Instructions to follow:
Only the records, exactly as written, belong in the answer; pictures do not.

Records for this task:
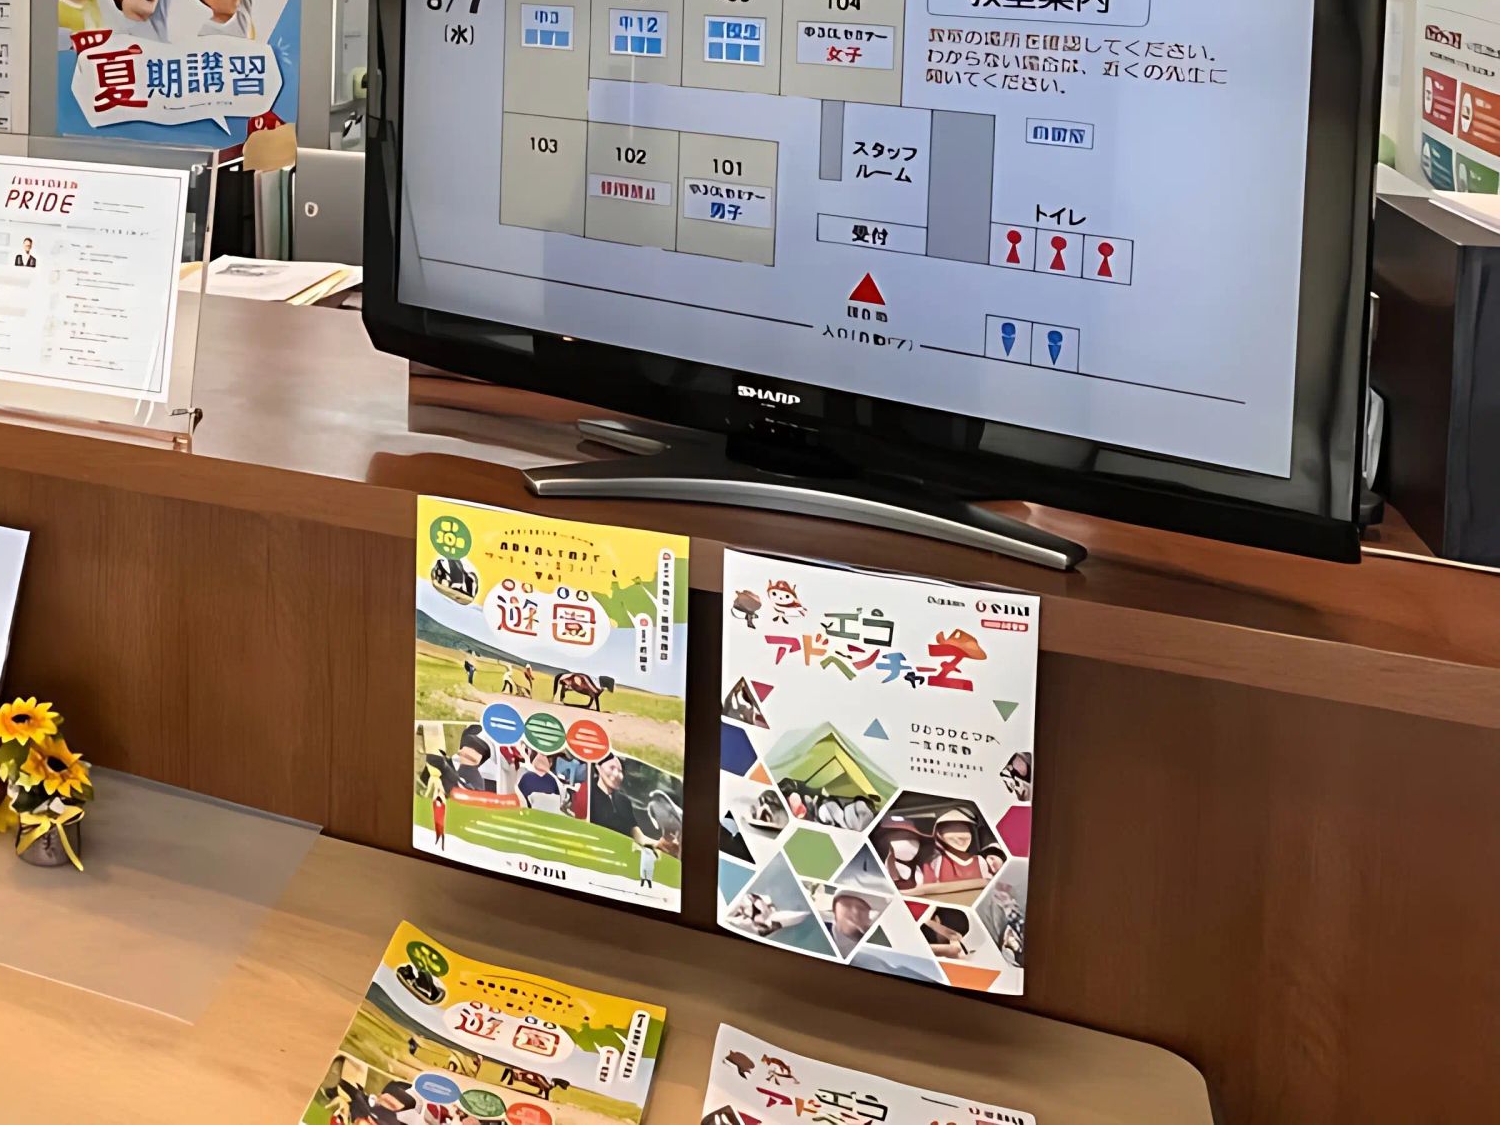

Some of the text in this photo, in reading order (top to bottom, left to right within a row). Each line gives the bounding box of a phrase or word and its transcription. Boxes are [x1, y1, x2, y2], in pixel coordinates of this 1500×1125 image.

[825, 45, 863, 63] 女子
[86, 43, 267, 113] 夏期講習
[529, 136, 559, 153] 103
[852, 140, 918, 162] スタッフ
[615, 146, 647, 165] 102
[711, 158, 743, 176] 101
[855, 164, 912, 183] ルーム
[4, 188, 76, 214] PRIDE
[1035, 203, 1087, 226] トイレ
[851, 225, 889, 246] 受付

Output of the task:
Some of the text in this photo, in reading order (top to bottom, left to right within a row). Each line gives the bounding box of a phrase or word and its transcription. Boxes are [x1, y1, x2, y2], in pixel coordinates of this 1500×1125 image.

[825, 45, 863, 63] 女子
[86, 43, 267, 113] 夏期講習
[529, 136, 559, 153] 103
[852, 140, 918, 162] スタッフ
[615, 146, 647, 165] 102
[711, 158, 743, 176] 101
[855, 164, 912, 183] ルーム
[4, 188, 76, 214] PRIDE
[1035, 203, 1087, 226] トイレ
[851, 225, 889, 246] 受付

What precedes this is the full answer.